We subway riders do occasionally talk to one another and a common concern these days is that you never know what you will confront on an average weekday morning or evening commute. There’s no confidence of arriving to work on time. There’s no sure thing about when you get home. Increasingly, there is concern you may not get to work or home at all.  Paying more for the honor and the risk seems rather outrageous.

January 12th

Surely, when 61 year-old federal contractor, Carol Glover, woke up Monday morning, January 12th in her Alexandria, Virginia home, she had no reason to suspect it would be her final day. Twenty four hours later the cause of her death would be established; acute respiratory failure due to smoke exposure after being stranded on a Metro train outside the L’Enfant Plaza Metro station later that afternoon.

More than 80 others would end up hospitalized that day, some 200 evaluated by medics. A friend of mine from work was on that train. He self-evacuated. He was following the lead of two military guys on his subway car who were initially patient as they waited for instructions. But as 15, 20, 30 minutes went by and the situation just got worse and worse and smoke was now getting into the subway cars- they had all had enough.

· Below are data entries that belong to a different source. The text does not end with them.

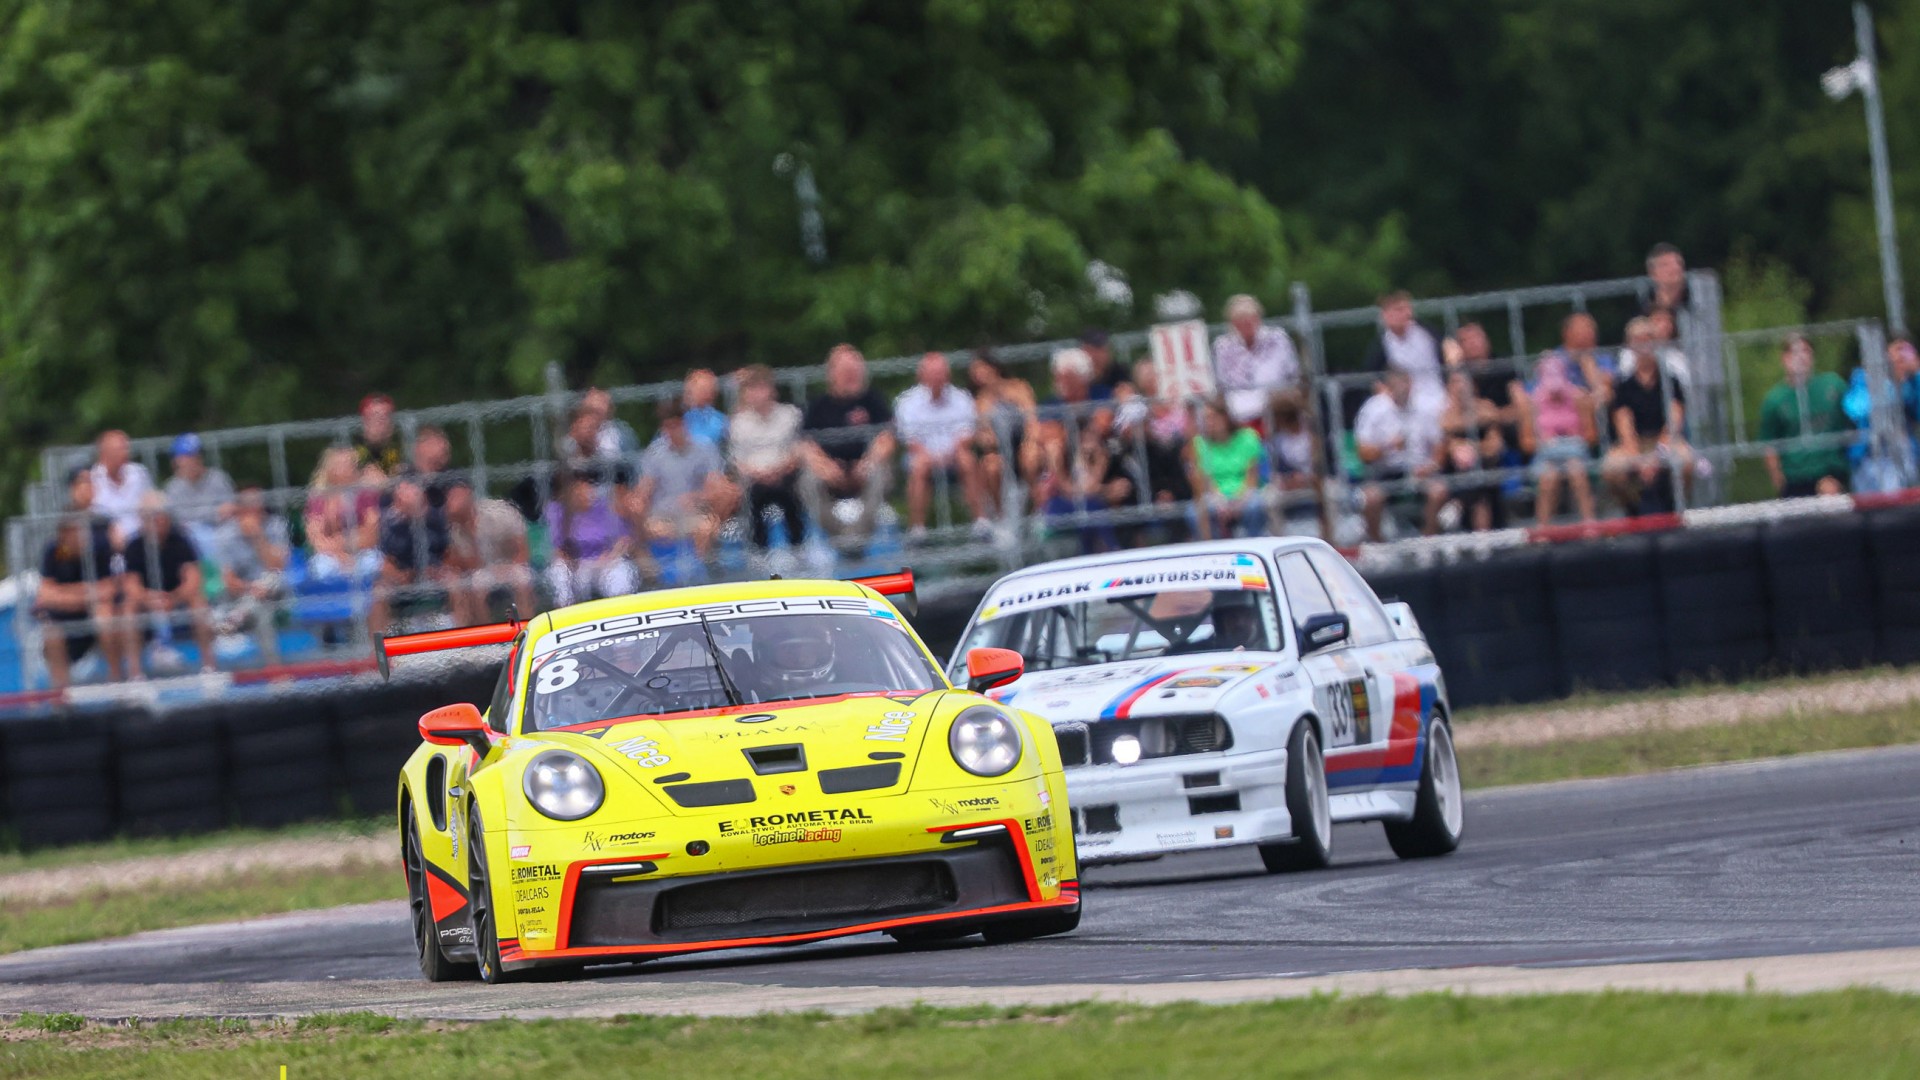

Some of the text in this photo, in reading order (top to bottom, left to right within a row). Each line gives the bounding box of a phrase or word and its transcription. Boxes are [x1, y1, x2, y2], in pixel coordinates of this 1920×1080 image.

[556, 599, 869, 644] PORSCHE
[556, 630, 660, 660] Zagórski
[536, 658, 580, 695] 8
[719, 725, 808, 739] FLAVA
[864, 711, 917, 742] Nice
[606, 735, 671, 768] Nice
[957, 797, 999, 808] motors
[609, 831, 656, 842] motors
[720, 825, 775, 838] KOWALSTWO
[786, 819, 845, 829] AUTOMATYKA

They managed to open one of the sets of doors, identified where the electrified 3rd rail was to stay far clear of it and walked a few hundred feet to the station platform. They were actually surprised at how close they were to the station and shuddered to think of the dozens and dozens of their fellow riders who continued to wait for help while Metro officials managed to turn the event from an “incident” into a near catastrophe.

On Tuesday, February 10th, the National Transportation Safety Board sent letters to Metro officials explaining what they saw as the cause of the problem that day along with an urgent plea to have Metro correct a major flaw: it has no way of knowing where smoke might be in their tunnels. And because they didn’t know that an electrical arc had caused the smoke or where- Metro officials miles from the L’Enfant Plaza station took steps that only made matters worse- much, much worse.

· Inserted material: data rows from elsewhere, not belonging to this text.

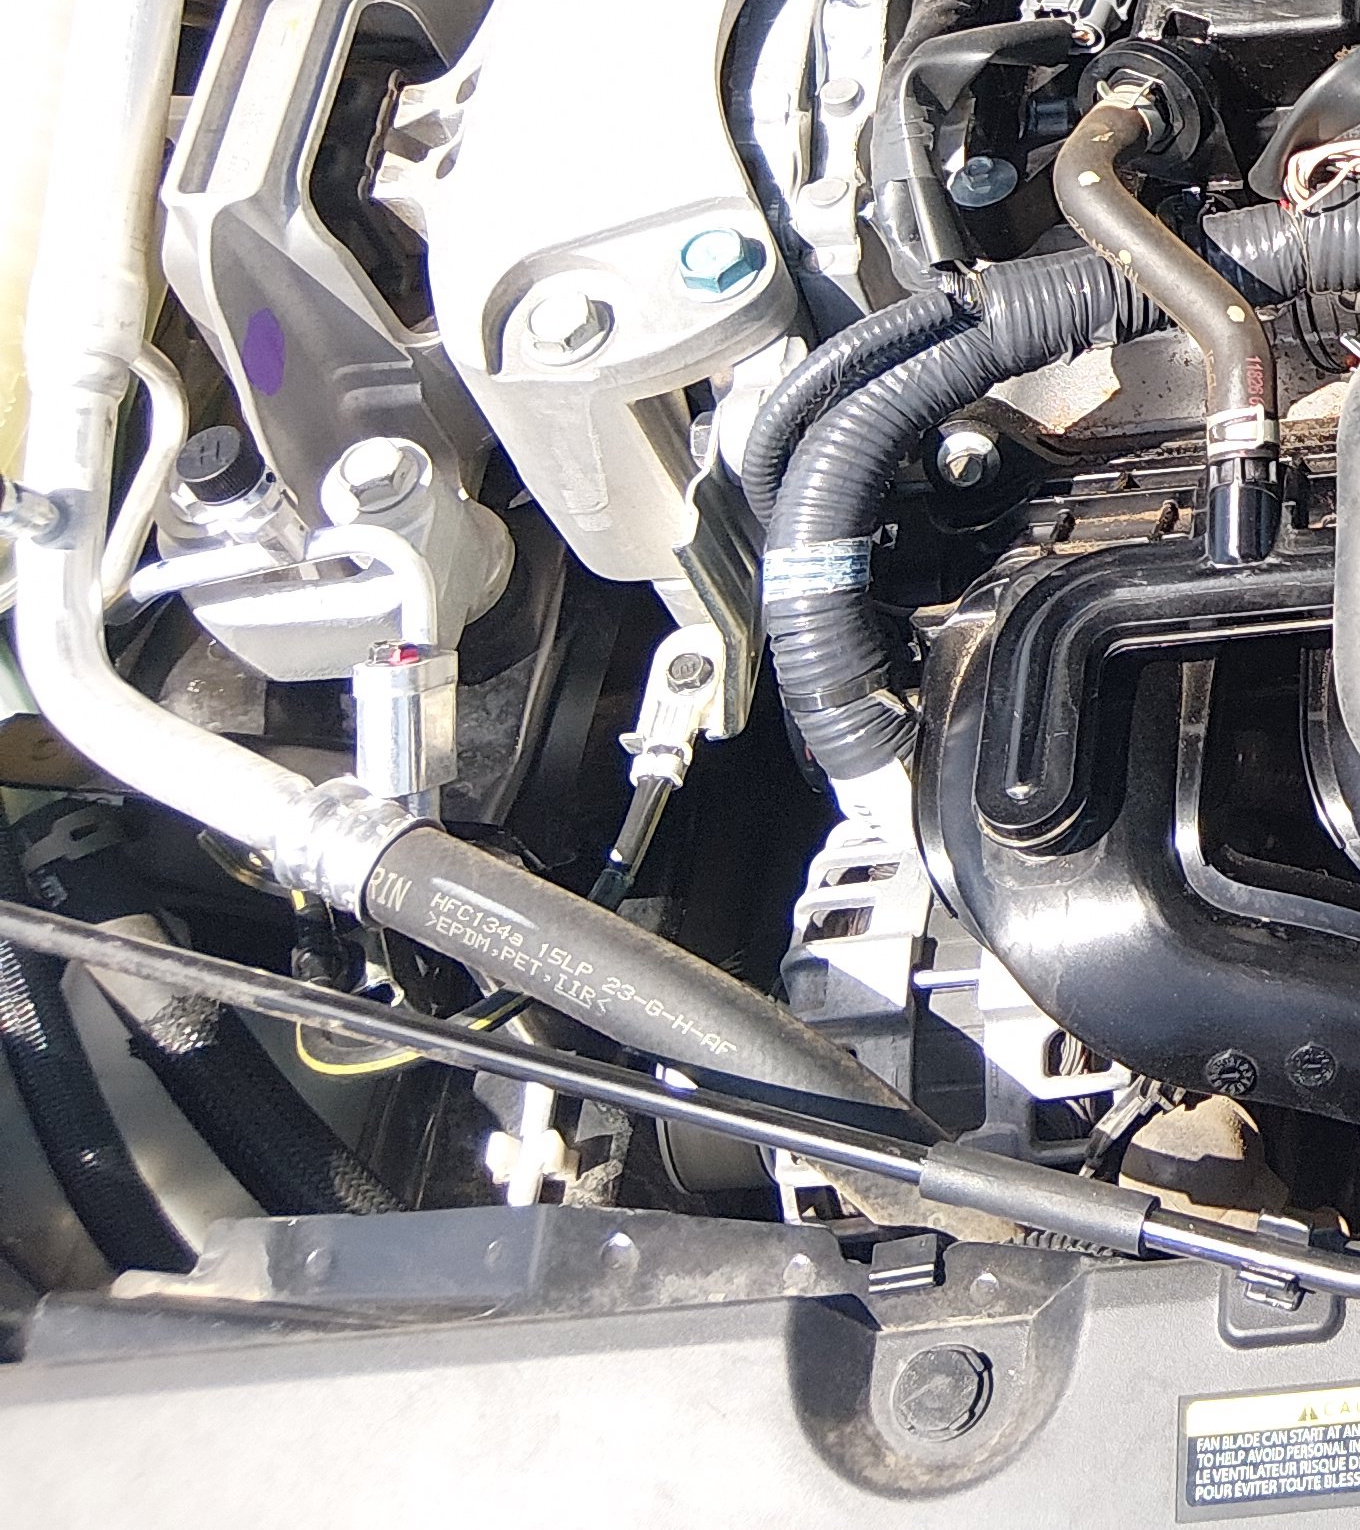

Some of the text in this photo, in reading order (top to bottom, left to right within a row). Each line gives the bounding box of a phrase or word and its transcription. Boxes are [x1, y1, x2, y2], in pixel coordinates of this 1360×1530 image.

[430, 891, 525, 947] HFC134a
[1196, 1436, 1221, 1453] FAN
[1221, 1432, 1260, 1451] BLADE
[1261, 1430, 1288, 1447] CAN
[1289, 1426, 1325, 1443] START
[1326, 1424, 1343, 1440] AT
[1197, 1453, 1215, 1469] TO
[1216, 1450, 1245, 1466] HELP
[1246, 1446, 1285, 1464] AVOID
[1286, 1441, 1347, 1461] PERSONAL
[1196, 1469, 1211, 1485] LE
[1212, 1460, 1298, 1483] VENTILATEUR
[1299, 1458, 1347, 1476] RISQUE
[1195, 1486, 1233, 1501] POUR
[1234, 1479, 1277, 1498] ÉVITER
[1278, 1477, 1321, 1494] TOUTE

On February 11th, the NTSB made the letters public. From the Washington Post that day:

Metro botched the operation of ventilation fans in and near the L’Enfant Plaza station during a fatal smoke emergency last month, causing a mass of noxious fumes to move hundreds of feet toward a train in a tunnel and then linger around it while scores of riders gasped for air, federal investigators said Wednesday.

In its most detailed revelations yet about the Jan. 12 incident, the National Transportation Safety Board outlined a sequence of missteps in which Metro controllers, 11 miles from the scene, activated two sets of giant fans at cross-purposes with devastating consequences.

The two sets of fans, on opposite ends of the train, were both pulling the smoke instead of one set pushing while the other pulled, the NTSB said. As a result, the mass of fumes settled over the stationary train and stayed there.

And there’s more. While his bosses back at Metro headquarters were accidently ensuring the smoke in the tunnel would go toward and eventually envelope the train, the subway operator forgot to shut off the ventilation system in the cars so all the smoke outside the trains went inside the cars. You could have actively tried to injure people and not had as much success as Metro bosses and the train operator had that day trying to help.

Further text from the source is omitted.